The data suggest something different, though. In fact, the place with the ungodly-enormous population is Greater Mexico City, otherwise known as the Federal District of Mexico City, otherwise known as a semi-state (I don’t know for sure, but it seems to function similarly to Washington D.C.). Mexico City (the city) has a population way closer to something we would see in the US. New York has a very similar population, for example.  Overseas, London’s population is also just about the same as Mexico City’s. And just forget about Asia. Even the smallest of its top 10 cities–Manila–has twice the population of Mexico City.

But population isn’t a measure of crowdedness, is it? Population density is the data set from which all of the sense comes. The 21-million-person Federal District’s density is around 2,000 people per square kilometer. That’s more dispersion than in Munich, and Munich feels like the least crowded city on the face of the planet. Mexico City’s (the city) density, however, is around 5,000 people per square kilometer. That’s a lot, and it means its about as dense as Manila, the 10th largest city in Asia. Ahhh, now I understand why I felt like I needed a bulldozer to cross the street in Mexico City.

Ok, you get it. Mexcio City: it’s crowded. For some extra fun, though, consider this other data.

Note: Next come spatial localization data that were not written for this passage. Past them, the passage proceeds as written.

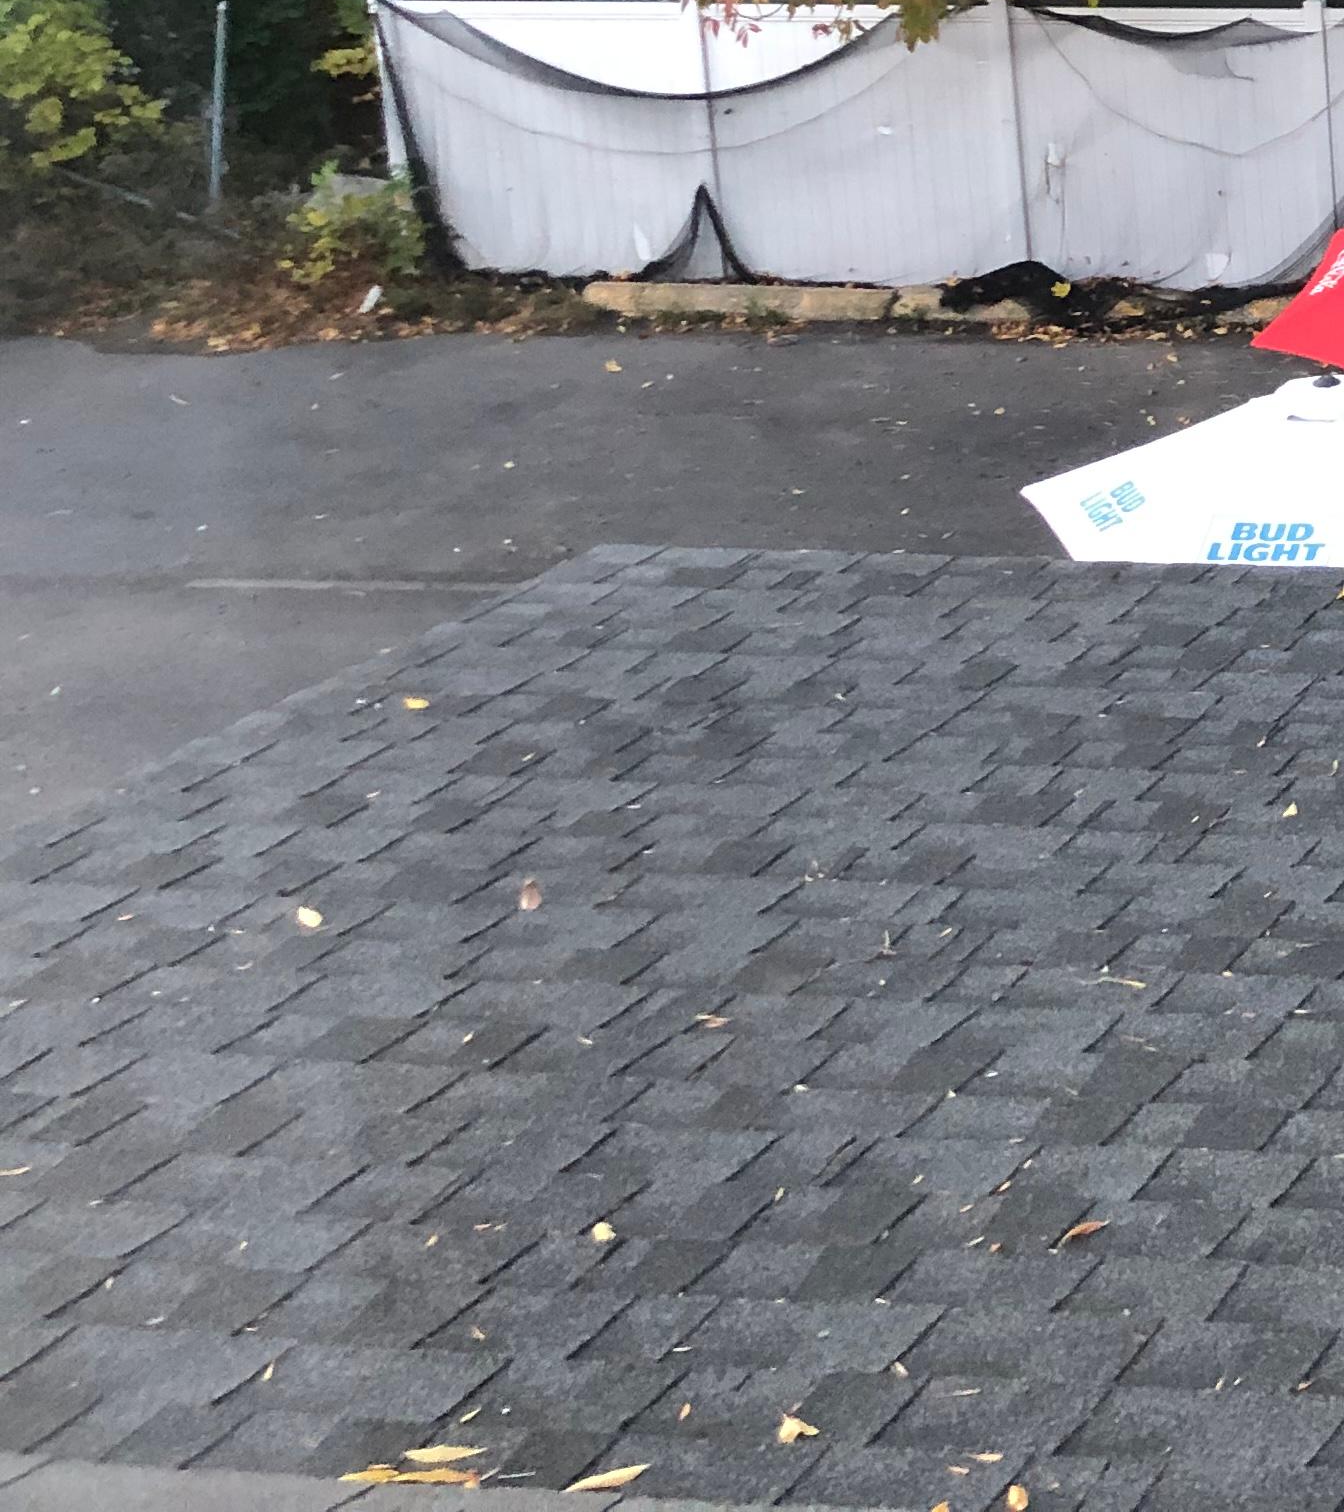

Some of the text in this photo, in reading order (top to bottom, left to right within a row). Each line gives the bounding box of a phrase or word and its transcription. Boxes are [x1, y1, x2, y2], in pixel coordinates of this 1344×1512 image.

[1109, 480, 1146, 513] BUD
[1080, 490, 1124, 532] LIGHT
[1230, 522, 1315, 542] BUD
[1206, 542, 1326, 562] LIGHT
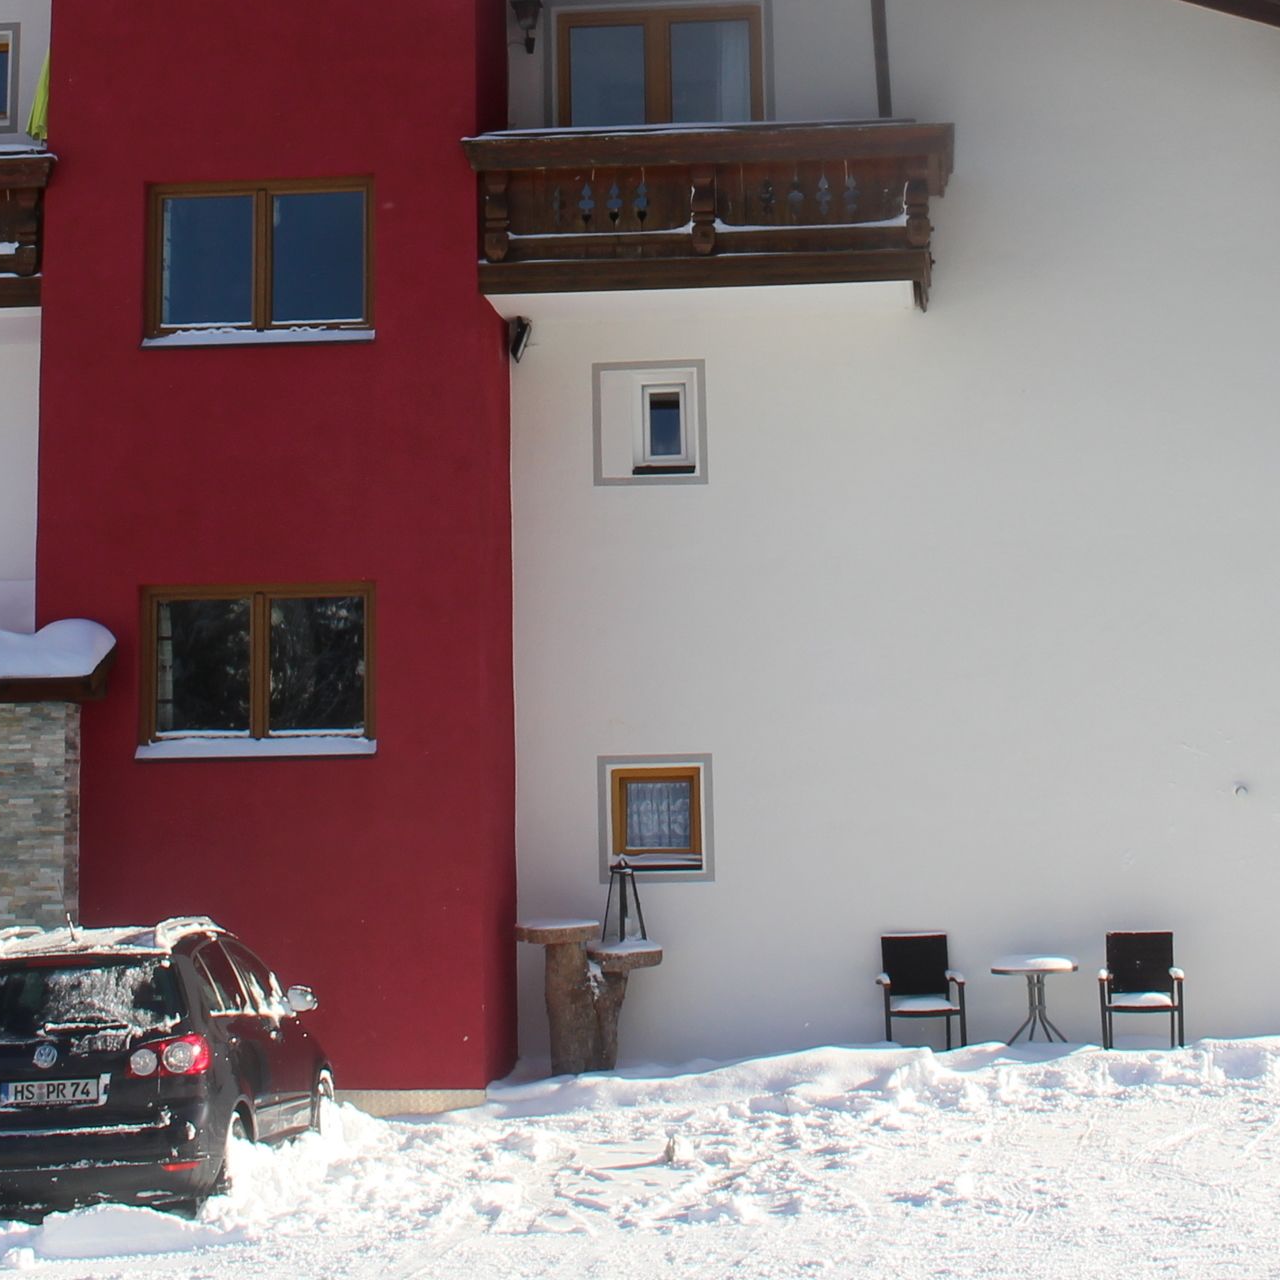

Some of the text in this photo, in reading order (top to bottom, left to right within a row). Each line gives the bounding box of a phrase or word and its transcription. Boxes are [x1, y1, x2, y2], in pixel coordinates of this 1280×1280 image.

[14, 1082, 91, 1100] HS PR 74
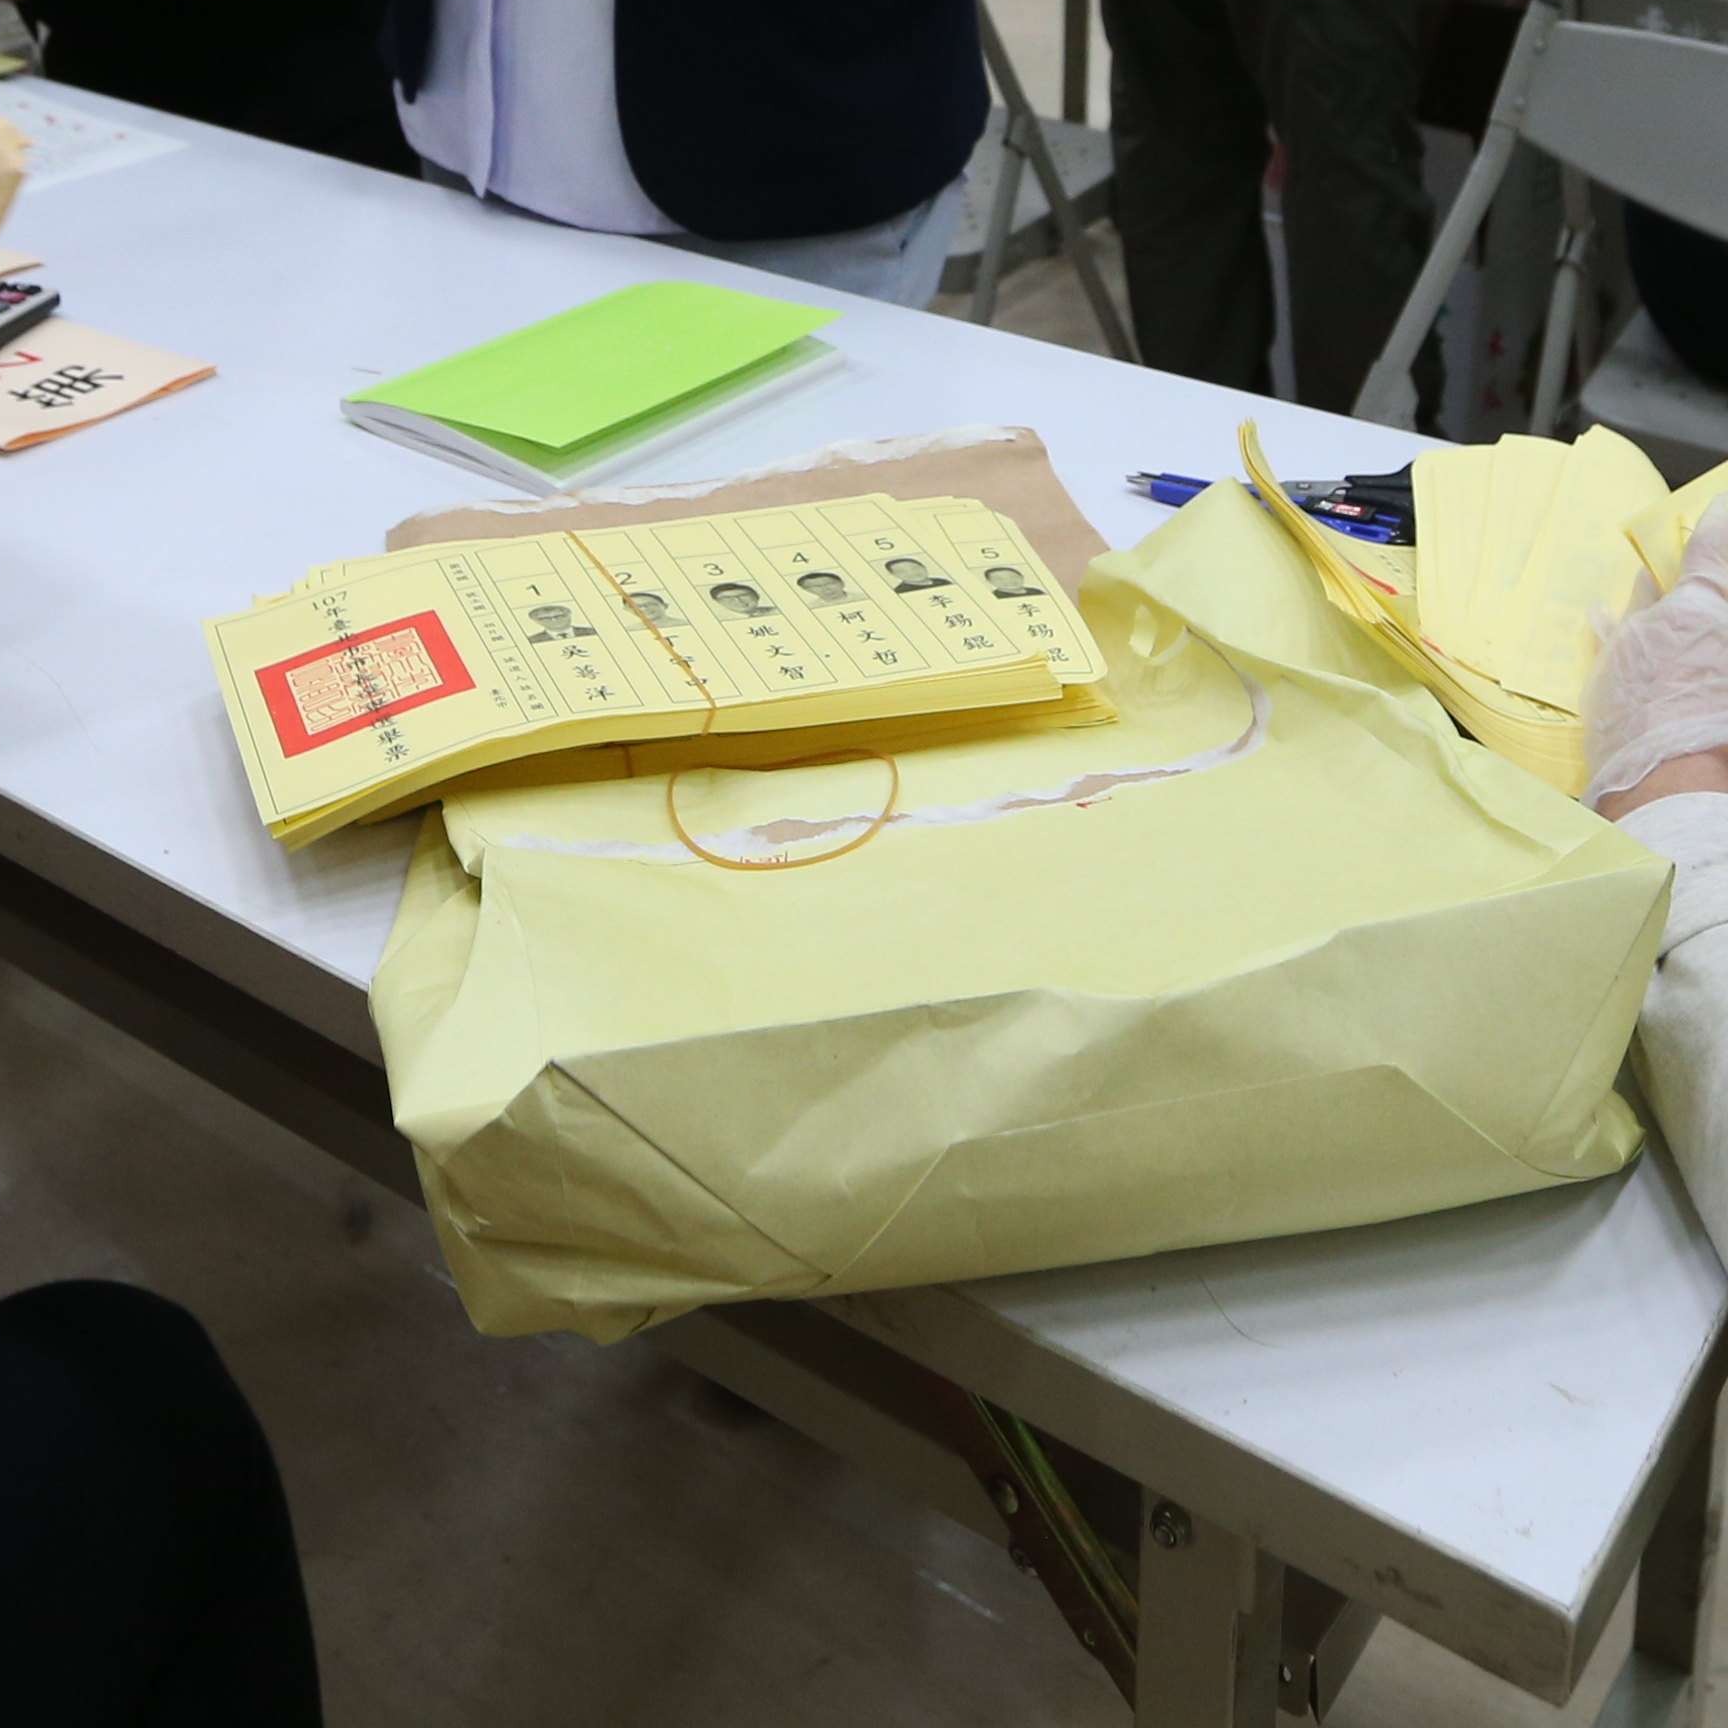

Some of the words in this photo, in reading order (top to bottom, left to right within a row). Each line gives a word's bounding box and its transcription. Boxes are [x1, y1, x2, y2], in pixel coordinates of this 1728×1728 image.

[873, 536, 895, 551] 5
[791, 551, 810, 565] 4
[980, 546, 1001, 560] 5
[702, 562, 725, 577] 3
[613, 571, 638, 587] 2
[525, 583, 542, 597] 1
[928, 593, 995, 652] 李錫錕
[835, 609, 900, 666] 柯文哲
[746, 624, 805, 681] 姚文智

Required Population Growth of Select Cities

If you really want to know how crowded Mexico City is, look at the data above. I’m pretty sure most of you reading this have been to at least one of those cities. Imagine over 3 times the number of people currently living in Houston! Imagine Venice growing by a factor of more than 8! Dallas growing by a factor of almost 4! Holy cow! Those would have to happen for those cities to feel as highly populated as Mexico City (the city).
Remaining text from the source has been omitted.